__Assignment__.
The copy must match the data below line for line and contain no images.

__Saved entries__.
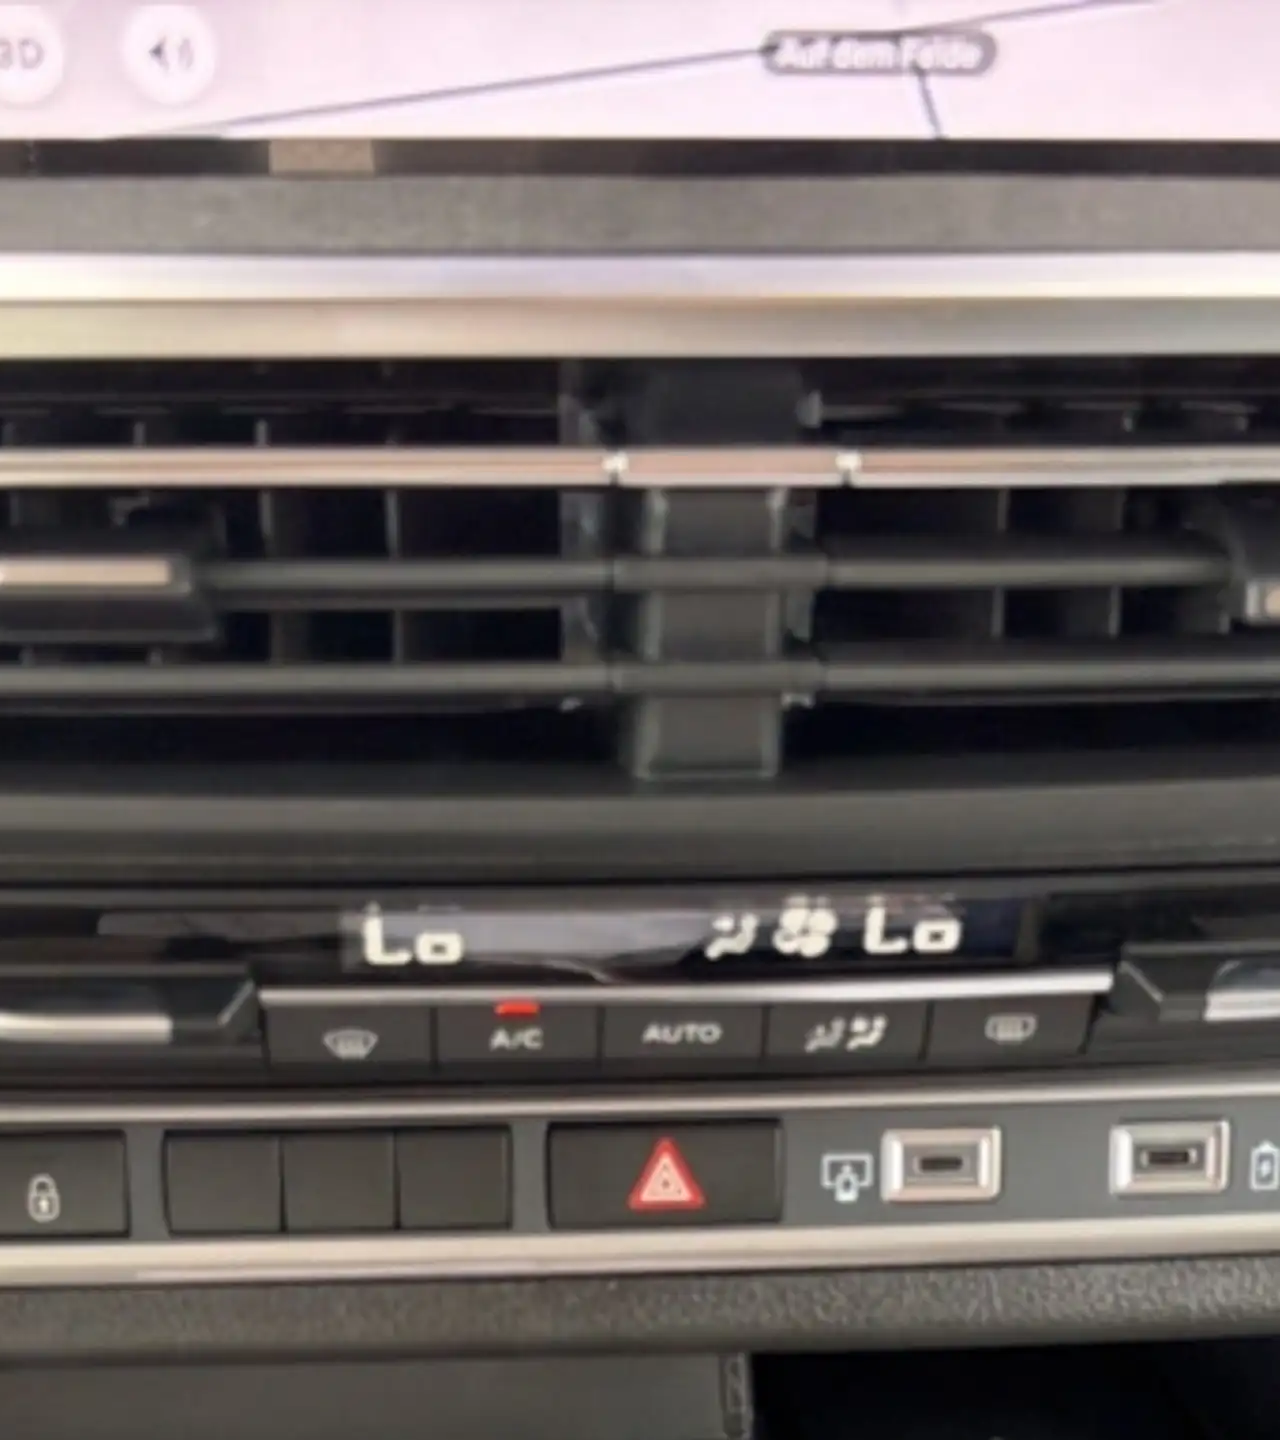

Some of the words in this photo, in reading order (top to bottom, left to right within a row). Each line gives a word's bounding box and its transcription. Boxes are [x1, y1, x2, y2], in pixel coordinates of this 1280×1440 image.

[774, 37, 829, 69] Auf
[832, 37, 895, 69] dem
[363, 903, 463, 966] Lo
[863, 895, 962, 954] Lo
[489, 1026, 544, 1051] A/C
[641, 1021, 724, 1045] AUTO
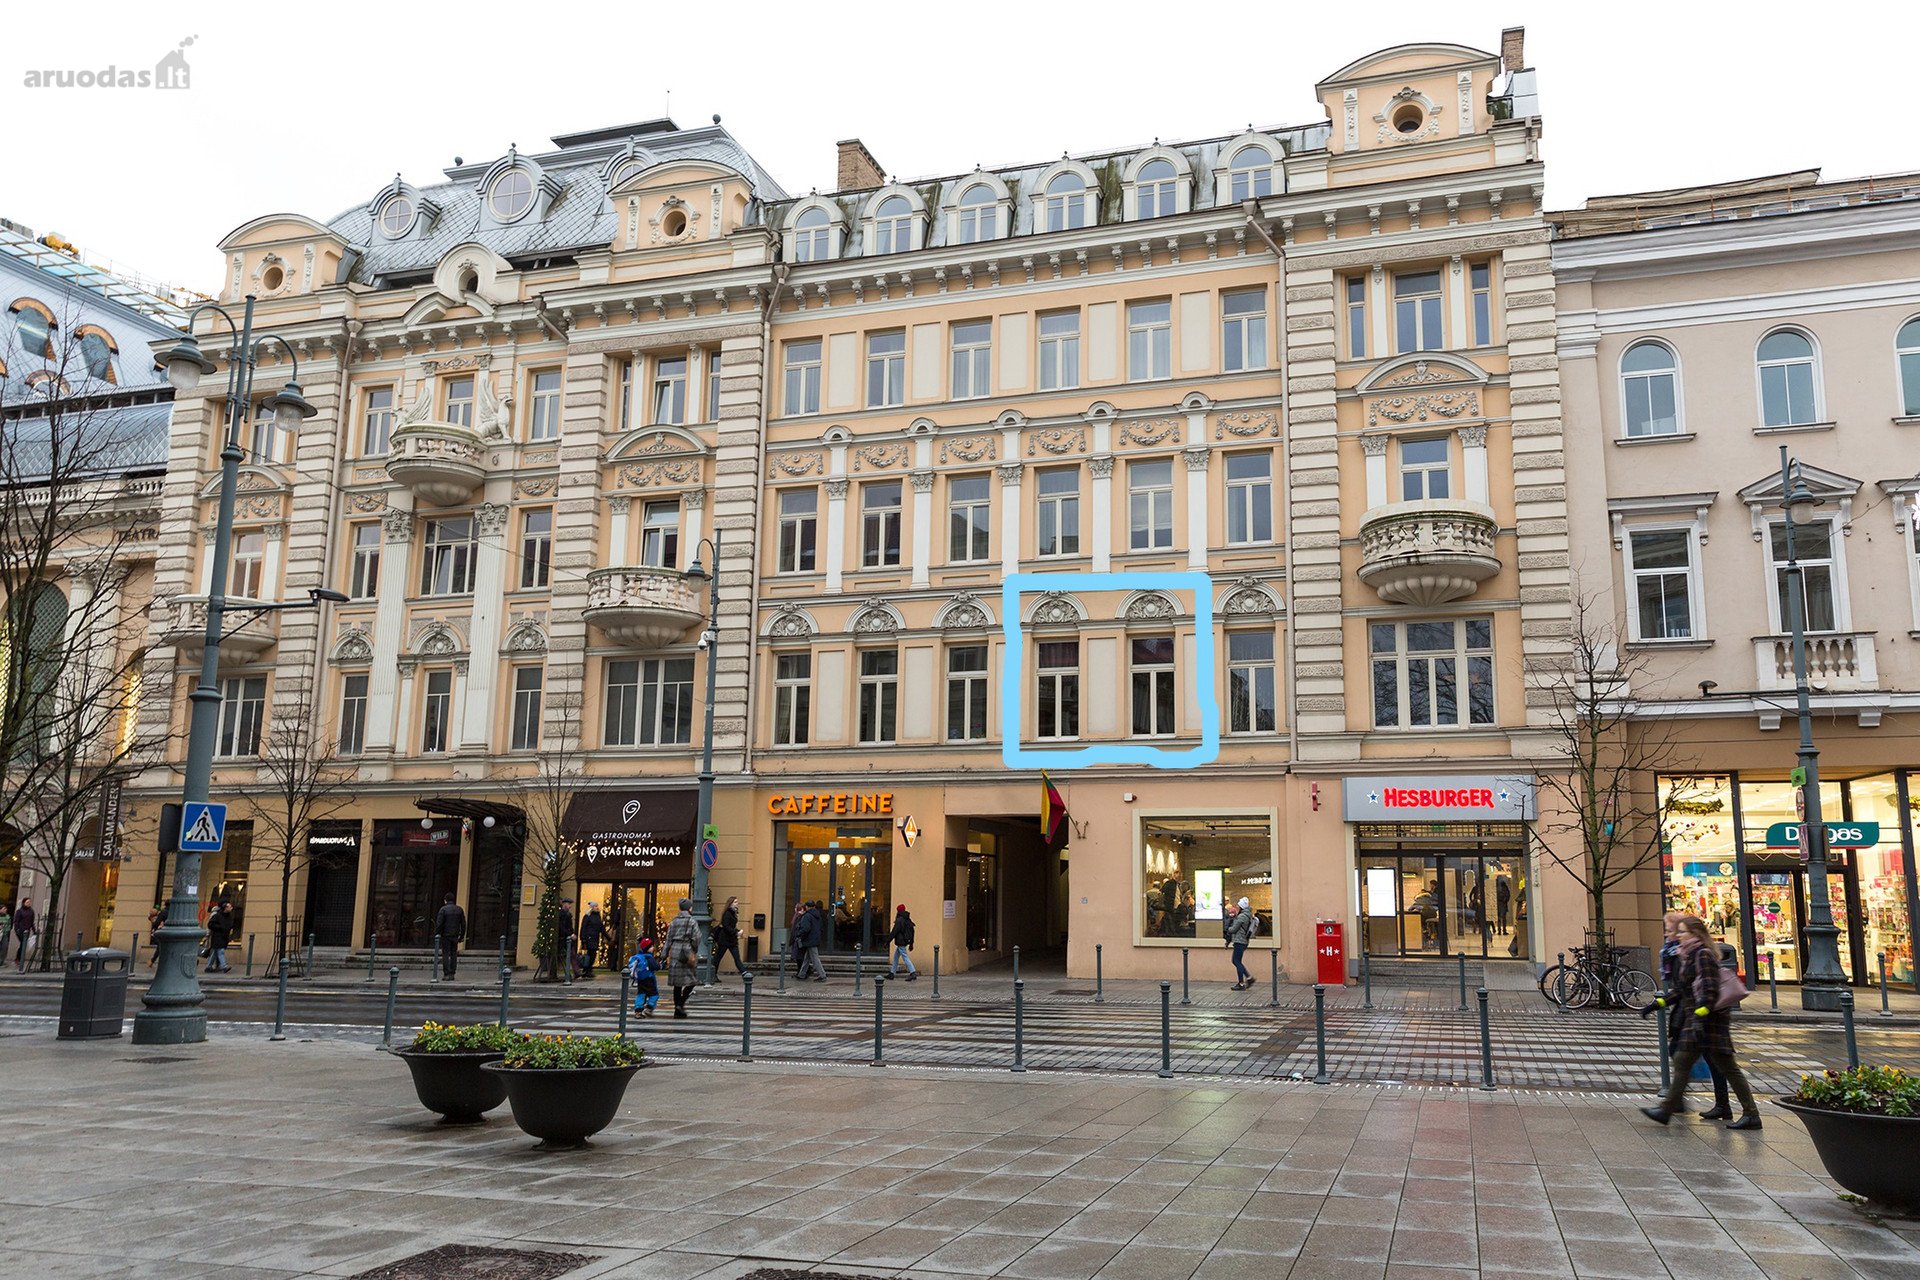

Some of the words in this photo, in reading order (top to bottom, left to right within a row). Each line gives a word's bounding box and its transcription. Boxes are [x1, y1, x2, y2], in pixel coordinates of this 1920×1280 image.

[767, 793, 894, 815] CAFFEINE
[1383, 786, 1495, 809] HESBURGER
[103, 787, 119, 856] SALAMANDER
[592, 832, 652, 840] GASTRONOMAS
[1785, 826, 1863, 844] Dgas
[600, 846, 681, 856] GASTRONOMAS

__Solution__.
Some of the words in this photo, in reading order (top to bottom, left to right within a row). Each line gives a word's bounding box and its transcription. Boxes are [x1, y1, x2, y2], in pixel coordinates of this 1280×1440 image.

[774, 37, 829, 69] Auf
[832, 37, 895, 69] dem
[363, 903, 463, 966] Lo
[863, 895, 962, 954] Lo
[489, 1026, 544, 1051] A/C
[641, 1021, 724, 1045] AUTO

Some of the words in this photo, in reading order (top to bottom, left to right within a row). Each line gives a word's bounding box and its transcription. Boxes are [x1, y1, x2, y2], in pixel coordinates of this 1920×1280 image.

[767, 793, 894, 815] CAFFEINE
[1383, 786, 1495, 809] HESBURGER
[103, 787, 119, 856] SALAMANDER
[592, 832, 652, 840] GASTRONOMAS
[1785, 826, 1863, 844] Dgas
[600, 846, 681, 856] GASTRONOMAS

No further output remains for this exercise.